*What you are asked to do*
Scan the records beneath this line for the line holding "this 1280×960 image." and the line holding "this 1325×1488 image.", then transcribe exactly those two and all lines between.

*Excerpted data*
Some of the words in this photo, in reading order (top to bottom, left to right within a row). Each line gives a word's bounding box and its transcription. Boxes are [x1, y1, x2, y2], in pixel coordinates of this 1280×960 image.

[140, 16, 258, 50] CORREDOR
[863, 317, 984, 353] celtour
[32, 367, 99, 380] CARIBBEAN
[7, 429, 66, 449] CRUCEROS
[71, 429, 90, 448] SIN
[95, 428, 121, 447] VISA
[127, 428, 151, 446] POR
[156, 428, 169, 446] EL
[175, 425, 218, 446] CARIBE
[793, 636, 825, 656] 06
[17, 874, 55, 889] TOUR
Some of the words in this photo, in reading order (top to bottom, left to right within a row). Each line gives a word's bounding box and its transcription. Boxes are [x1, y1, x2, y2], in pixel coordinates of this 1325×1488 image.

...

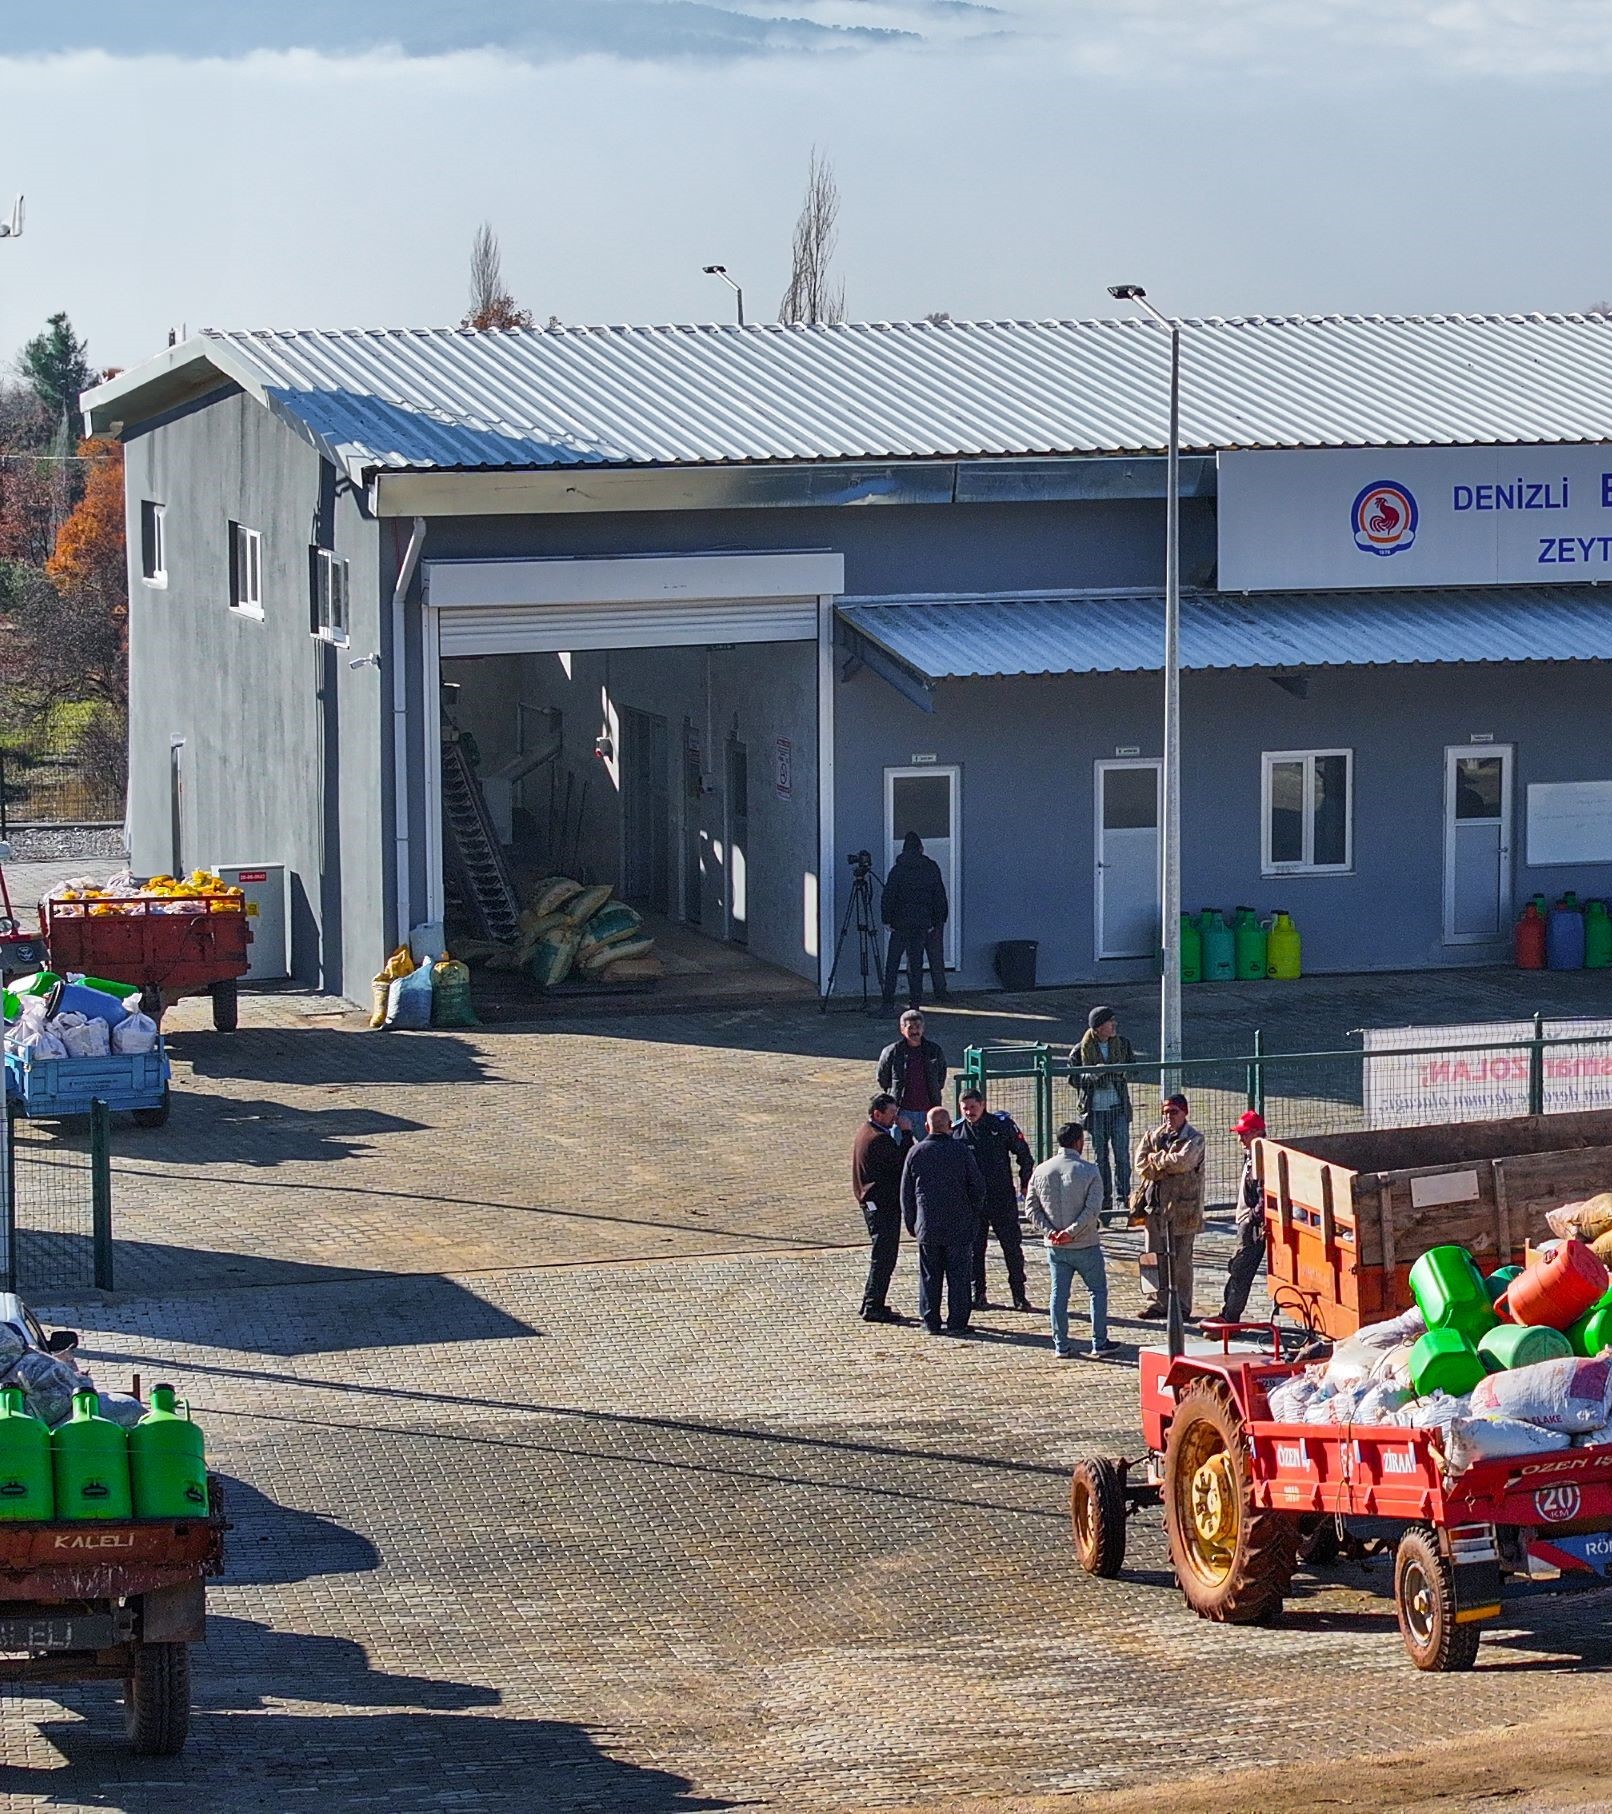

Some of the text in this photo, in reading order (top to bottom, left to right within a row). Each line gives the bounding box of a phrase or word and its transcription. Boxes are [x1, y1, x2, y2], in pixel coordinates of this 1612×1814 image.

--

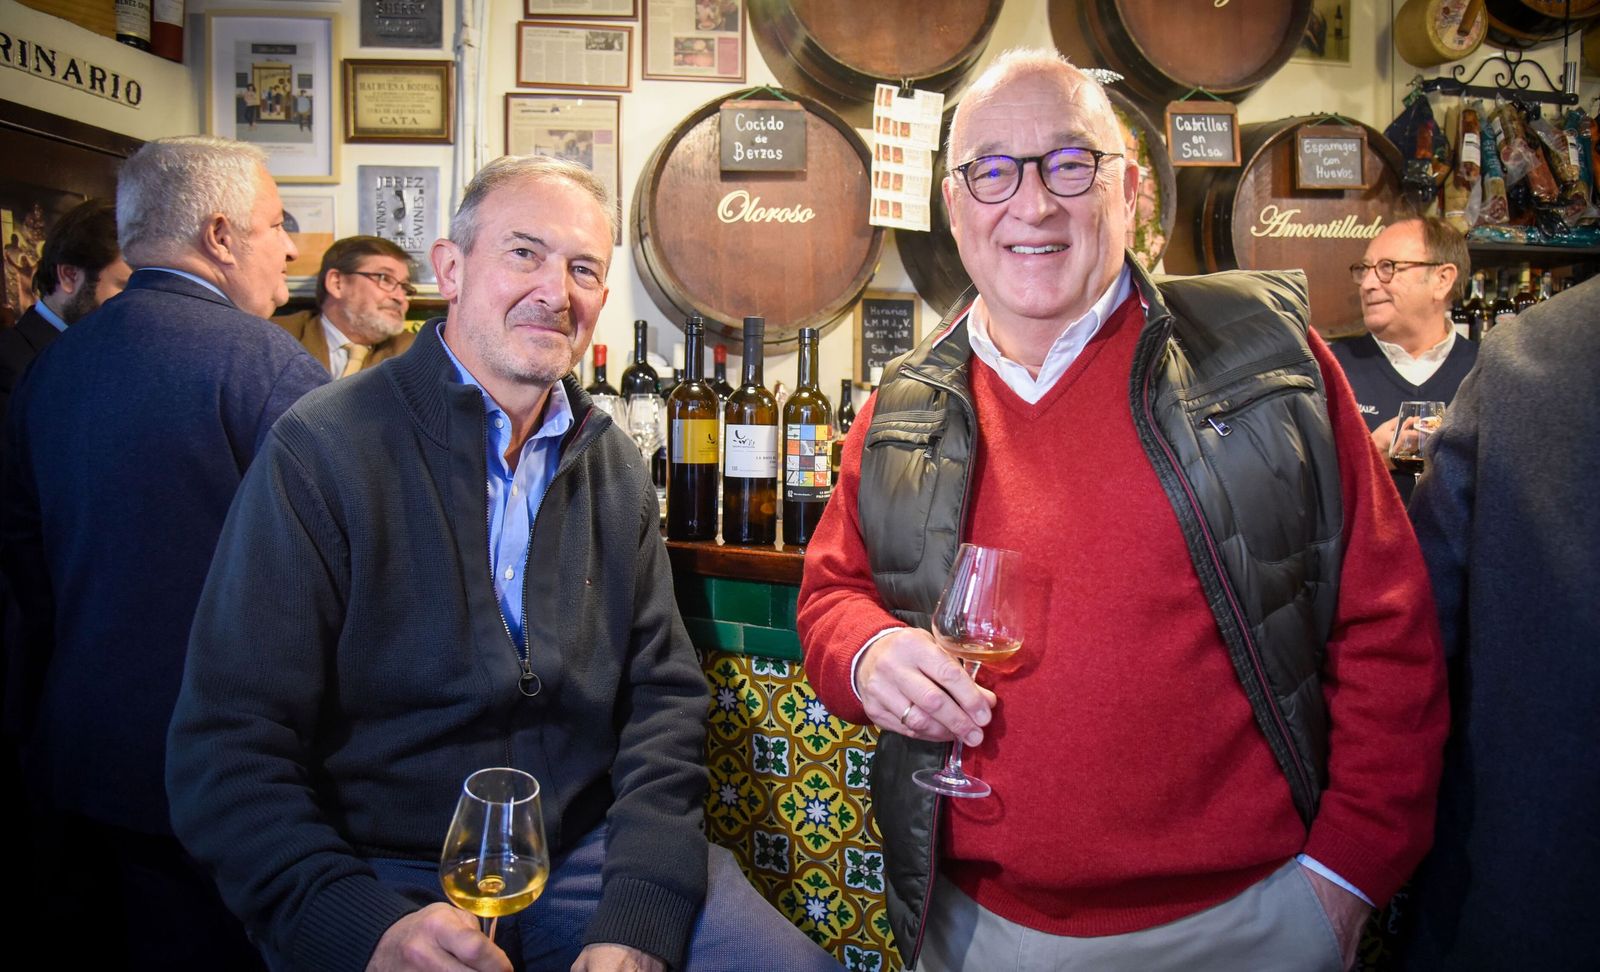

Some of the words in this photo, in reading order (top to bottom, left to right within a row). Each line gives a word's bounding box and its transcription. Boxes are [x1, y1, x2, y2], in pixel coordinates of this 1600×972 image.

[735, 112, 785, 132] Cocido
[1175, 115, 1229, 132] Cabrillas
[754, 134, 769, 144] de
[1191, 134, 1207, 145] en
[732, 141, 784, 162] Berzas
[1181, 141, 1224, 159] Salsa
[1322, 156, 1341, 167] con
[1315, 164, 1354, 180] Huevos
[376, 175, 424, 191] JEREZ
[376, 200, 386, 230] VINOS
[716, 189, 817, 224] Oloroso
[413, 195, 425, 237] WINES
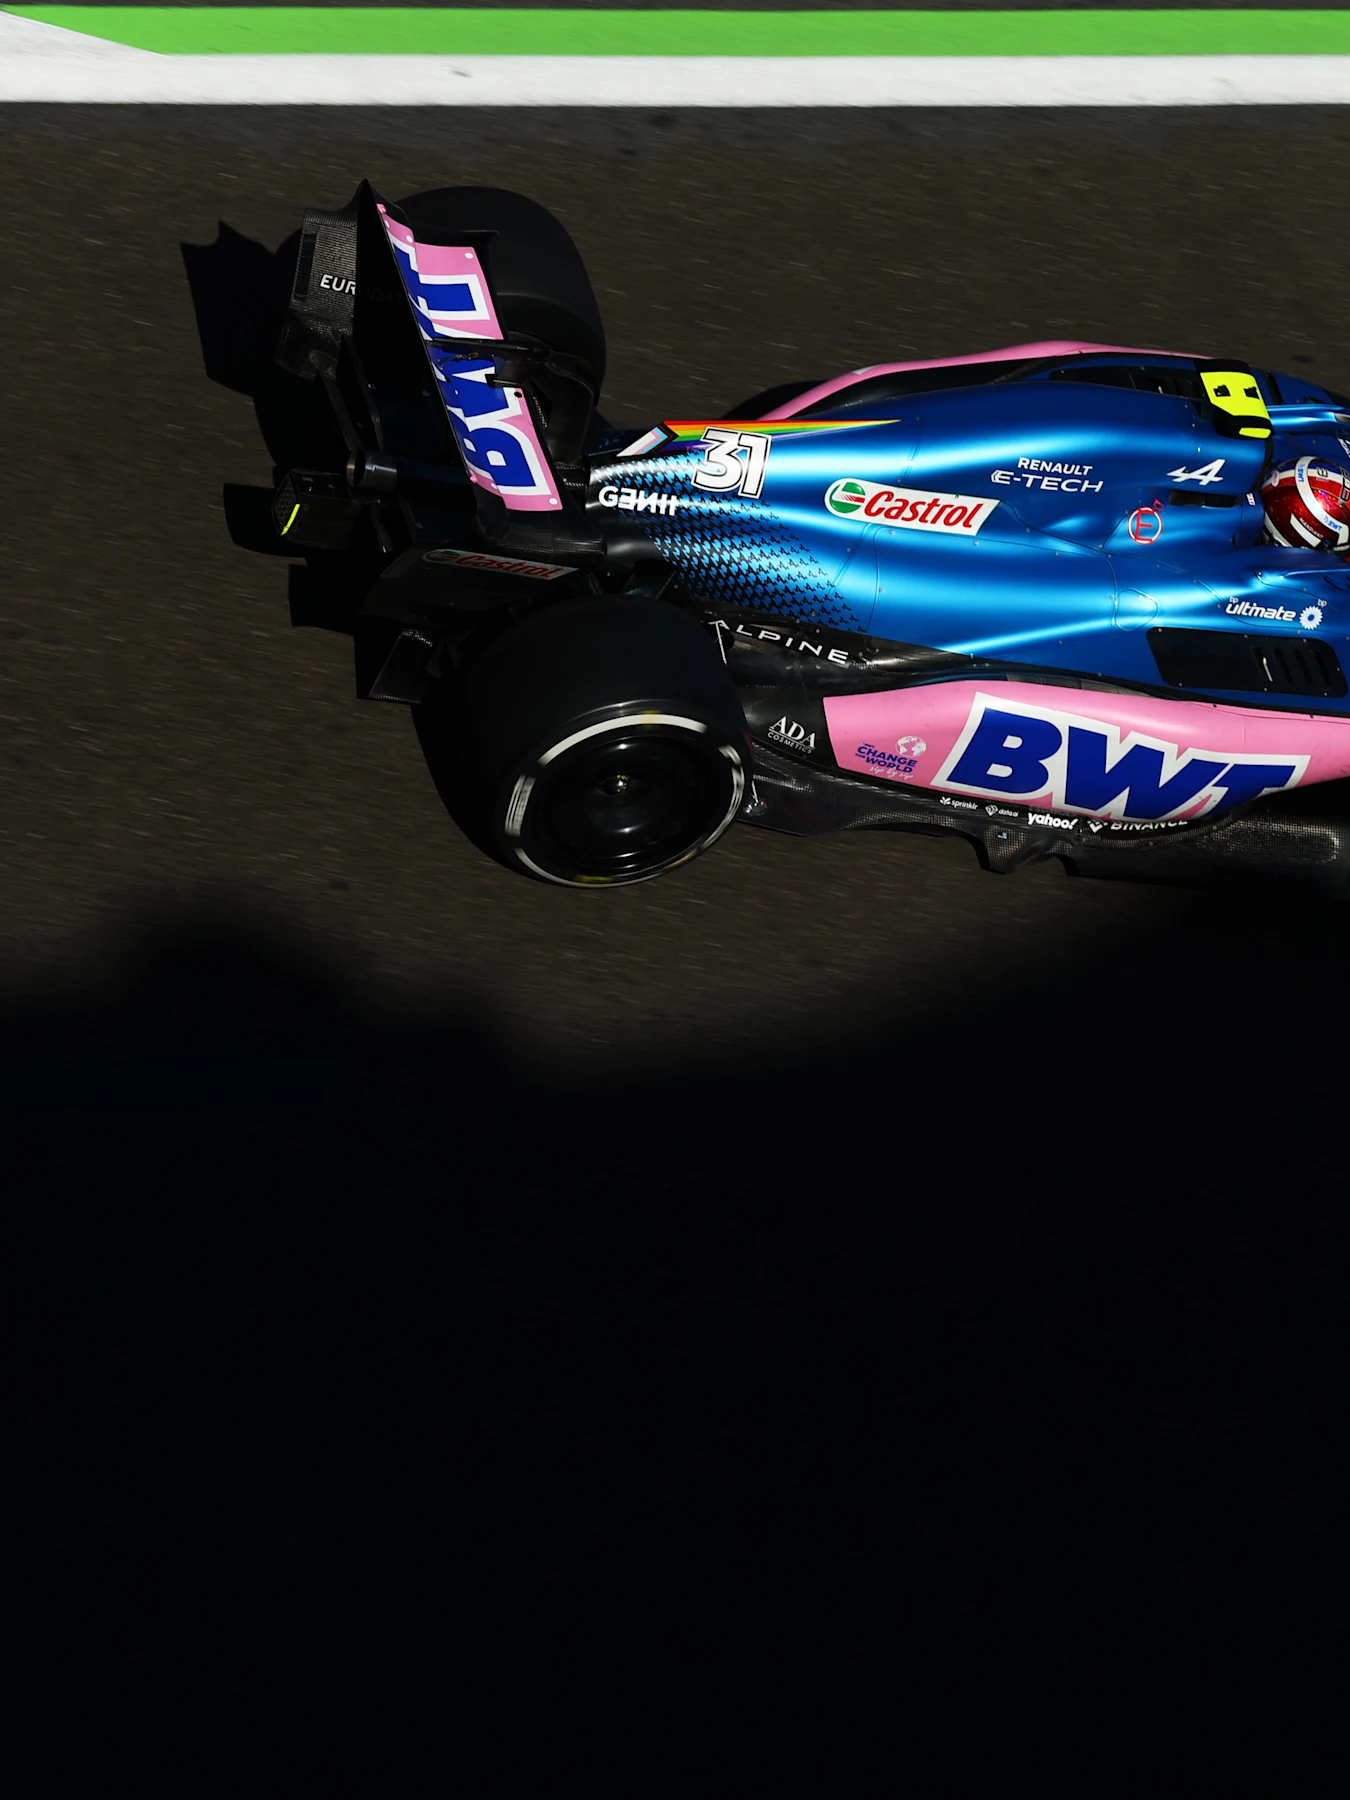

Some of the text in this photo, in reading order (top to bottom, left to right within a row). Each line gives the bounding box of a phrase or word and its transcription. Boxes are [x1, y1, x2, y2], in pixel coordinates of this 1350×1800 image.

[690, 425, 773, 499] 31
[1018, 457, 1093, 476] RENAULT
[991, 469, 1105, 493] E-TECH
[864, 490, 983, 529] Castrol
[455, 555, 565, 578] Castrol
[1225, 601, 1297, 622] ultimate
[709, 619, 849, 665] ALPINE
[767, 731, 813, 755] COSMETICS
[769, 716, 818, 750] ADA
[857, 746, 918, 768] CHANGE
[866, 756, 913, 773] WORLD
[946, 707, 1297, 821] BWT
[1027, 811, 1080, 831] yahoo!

*The completed task*
Some of the words in this photo, in reading order (top to bottom, left to right within a row). Each line gives a word's bounding box and its transcription. Boxes are [x1, y1, x2, y2], in pixel coordinates of this 1280×960 image.

[140, 16, 258, 50] CORREDOR
[863, 317, 984, 353] celtour
[32, 367, 99, 380] CARIBBEAN
[7, 429, 66, 449] CRUCEROS
[71, 429, 90, 448] SIN
[95, 428, 121, 447] VISA
[127, 428, 151, 446] POR
[156, 428, 169, 446] EL
[175, 425, 218, 446] CARIBE
[793, 636, 825, 656] 06
[17, 874, 55, 889] TOUR
Some of the words in this photo, in reading order (top to bottom, left to right within a row). Each line gives a word's bounding box and its transcription. Boxes are [x1, y1, x2, y2], in pixel coordinates of this 1325×1488 image.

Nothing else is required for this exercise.